[swift-evolution] [Review] SE-0006 Apply API Guidelines to the Standard Library
plxswift at icloud.com
Sat Jan 30 09:08:09 CST 2016
> On Jan 28, 2016, at 10:03 PM, Alex Migicovsky via swift-evolution <swift-evolution at swift.org> wrote:
>> On Jan 27, 2016, at 3:33 PM, Jordan Rose via swift-evolution <swift-evolution at swift.org <mailto:swift-evolution at swift.org>> wrote:
>>> On Jan 26, 2016, at 18:06, Dany St-Amant via swift-evolution <swift-evolution at swift.org <mailto:swift-evolution at swift.org>> wrote:
>>>> Le 26 janv. 2016 à 19:39, Dave Abrahams via swift-evolution <swift-evolution at swift.org <mailto:swift-evolution at swift.org>> a écrit :
>>>> on Tue Jan 26 2016, Charles Kissinger <swift-evolution at swift.org <mailto:swift-evolution at swift.org>> wrote:
>>>>> I agree with all of the small criticisms mentioned below by Radoslaw
>>>>> except for the renaming of precondition() to require(). I think it is
>>>>> an improvement that it describes an action now, just like assert().
>>>> Interestingly, I was the one that insisted on that change, as I felt
>>>> “precondition” was too much of a term-of-art and “require” would be more
>>>> accessible, but I am now regretting that decision. This function is not
>>>> conceptually an action; like “assert,” it's a declarative statement, and
>>>> “precondition” conveyed that aspect much better, IMO.
>>> How about expect()? Should not have much string attached to it. Only thing coming to mind is the
>>> TCL extension used for automation.
>> That's not bad, but to me "expect" seems more open-ended than "require" or "precondition", i.e. "if it isn't true, then what?". I don't assume that it's going to be fatal.

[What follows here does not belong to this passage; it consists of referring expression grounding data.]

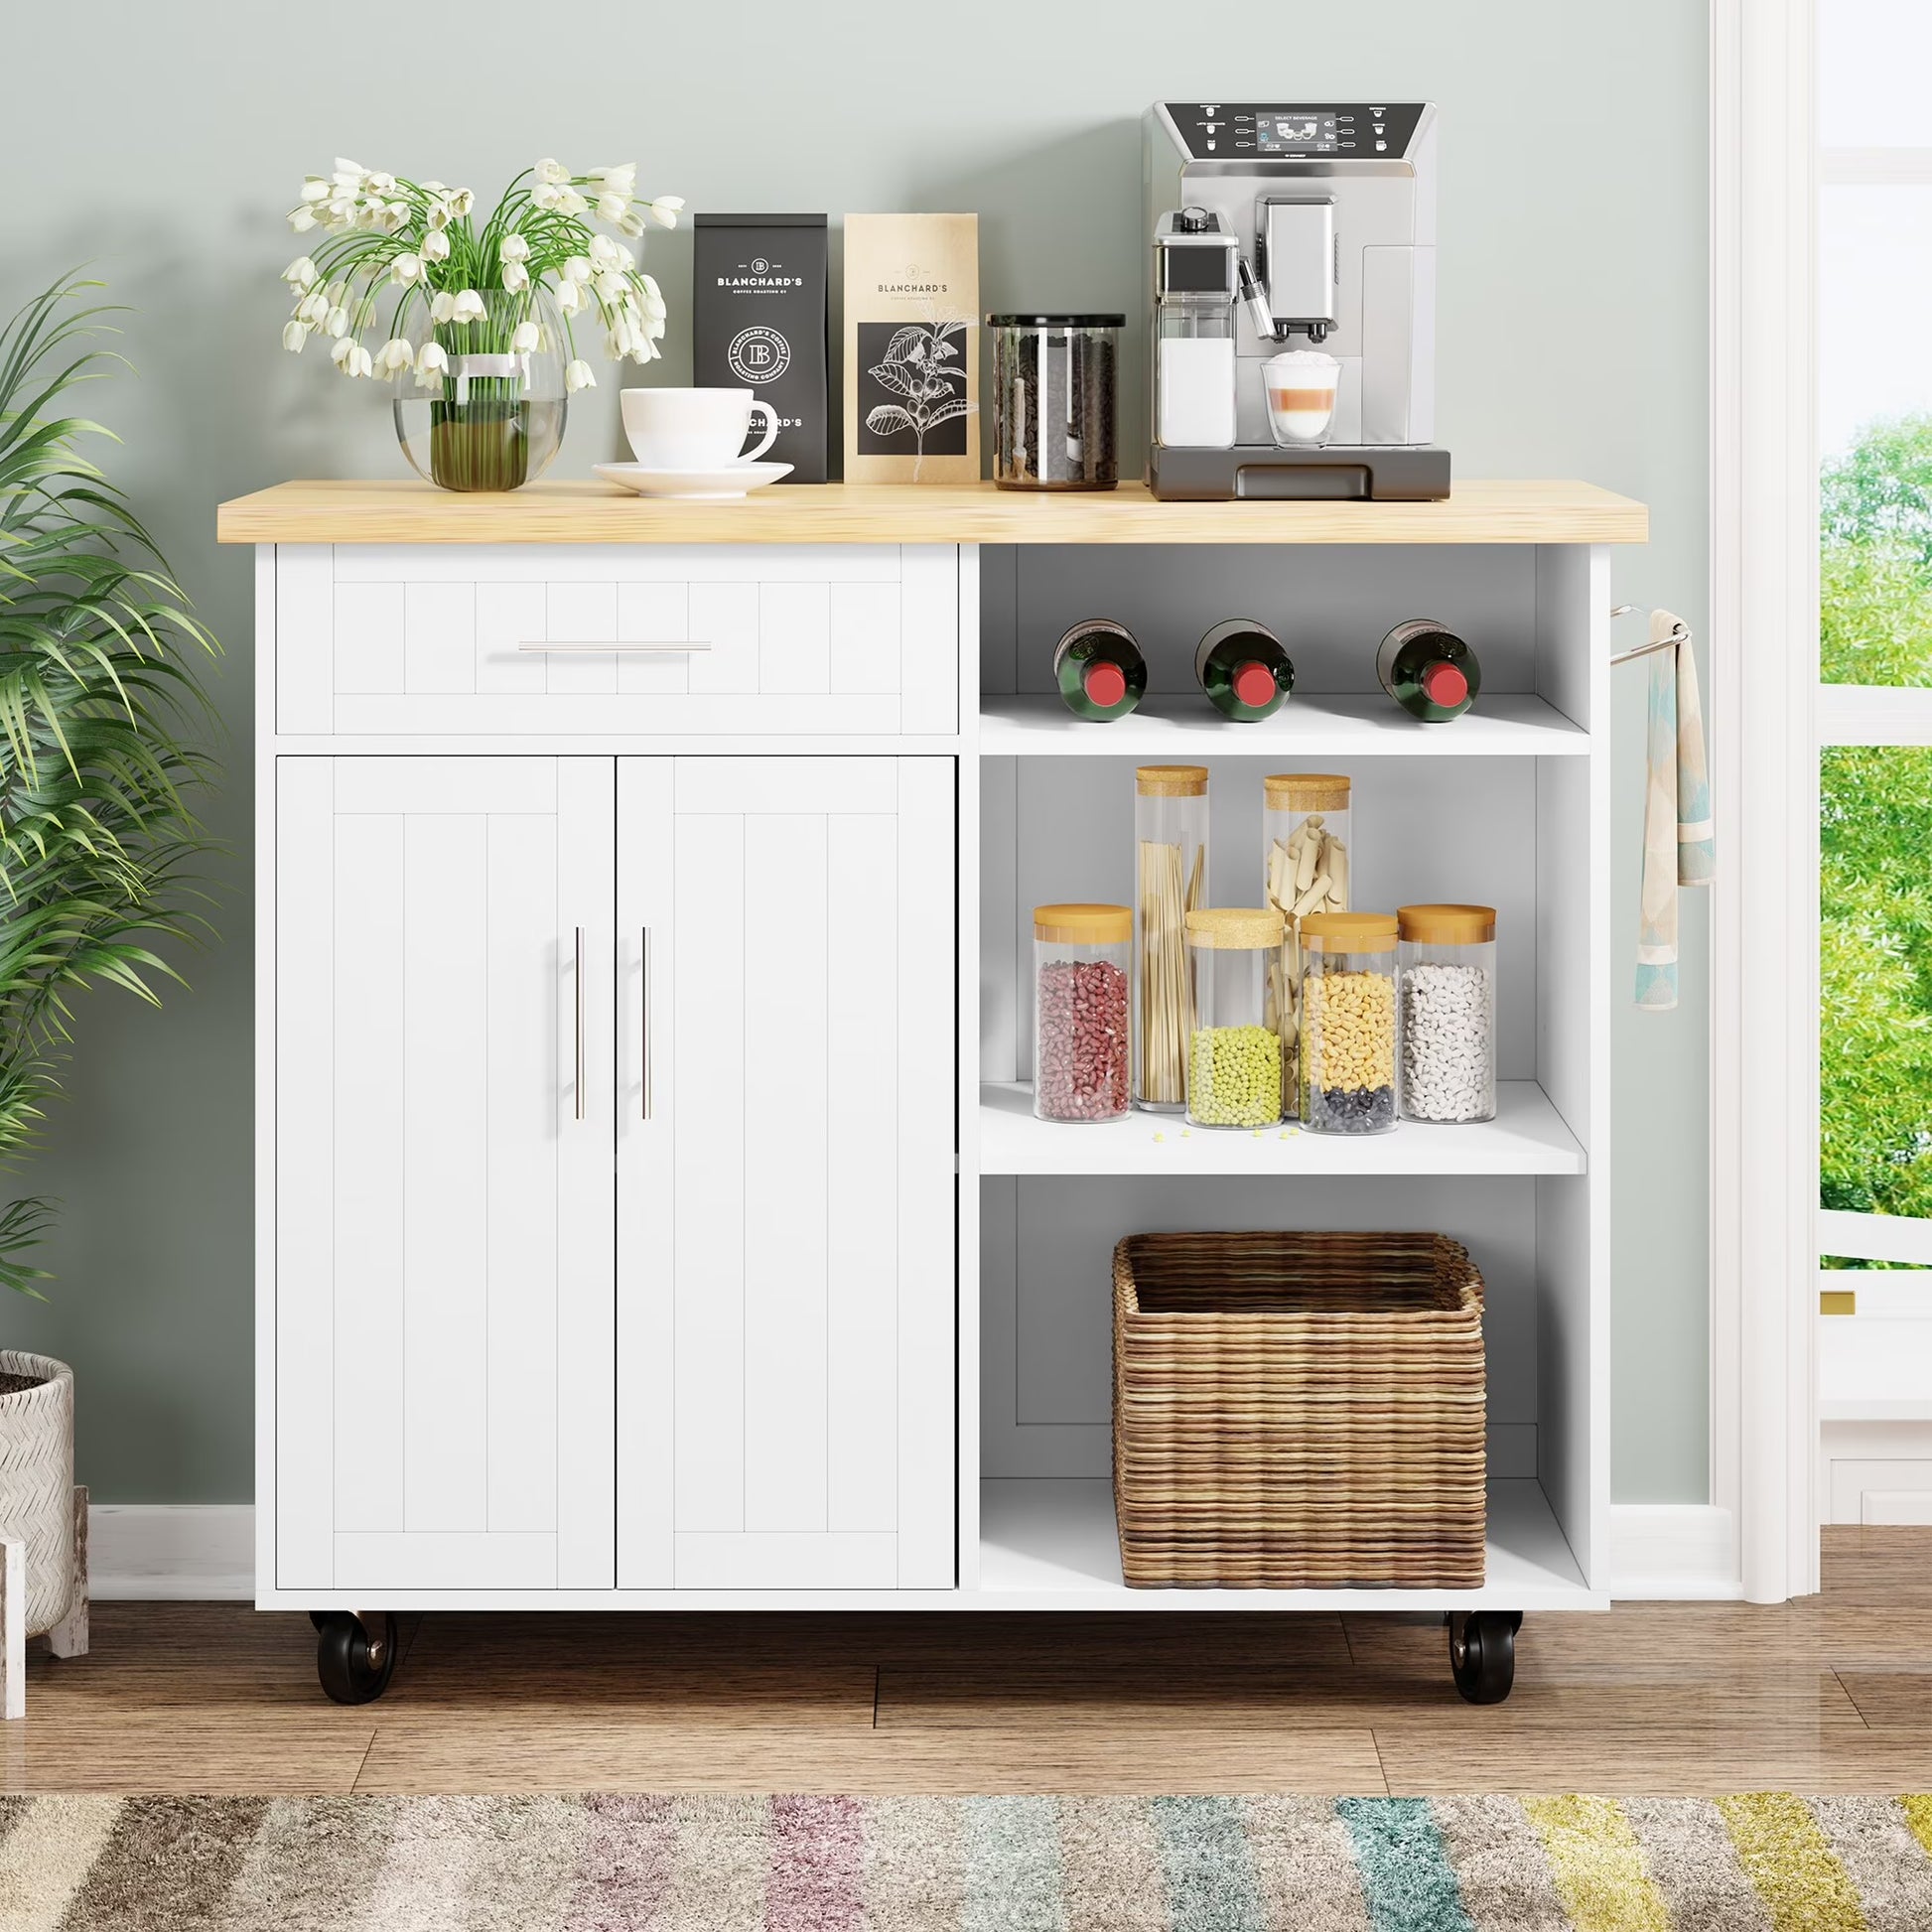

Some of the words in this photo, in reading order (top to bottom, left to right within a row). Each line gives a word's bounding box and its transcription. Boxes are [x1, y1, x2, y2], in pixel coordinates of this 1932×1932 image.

[732, 330, 769, 354] BLANCHARD'S
[770, 333, 787, 354] COFFEE
[734, 361, 759, 380] ROASTING
[759, 360, 785, 380] COMPANY
[750, 418, 803, 427] CHRD'S

>> (It even feels a little like an optimization hint to me, like "expect(self.dynamicType === BaseClass.self)". It could still be a subclass, but the compiler would know what the common case is.)
> Someone I spoke with had a good idea about this IMO. They recommended we have debugAssert and releaseAssert (or debugRequire and releaseRequire). I think this makes the semantics obvious and has consistent terminology between the functions. There’s no question at the call site what was intended.
I think something like this is ideal as well, but the names should be something like:
- debugAssert (for today’s assert)
- assert (for today’s precondition)
…since arguably using `debugAssert` and `releaseAssert` is misleading (a `releaseAssert` is included in both debug-and-release).
It seems like something of a migration nightmare to map the `assert` => `debugAssert` and `precondition` => `assert`, but at least it’d match the semantics (and you could change the `assert` base to `require` or `enforce` or `expect`, etc., if you wanted).
I do think `precondition` has been a poor naming choice, because there’s nothing in its name that hints at its semantics in Swift (as an assert active even in release conditions), and guessing the meaning isn’t any easier regardless of whether
- you know its term-of-art use (which arguably says nothing about its relative “strength” vis-a-vis assert)
- you look at the word’s structure (which seems to suggest it most be placed @ the start of a function or method)
…but I don’t think moving to e.g. assert-vs-require really does the needle very far, b/c you’re still in a bit of a mystery-meat scenario if you don’t already know the difference between the two.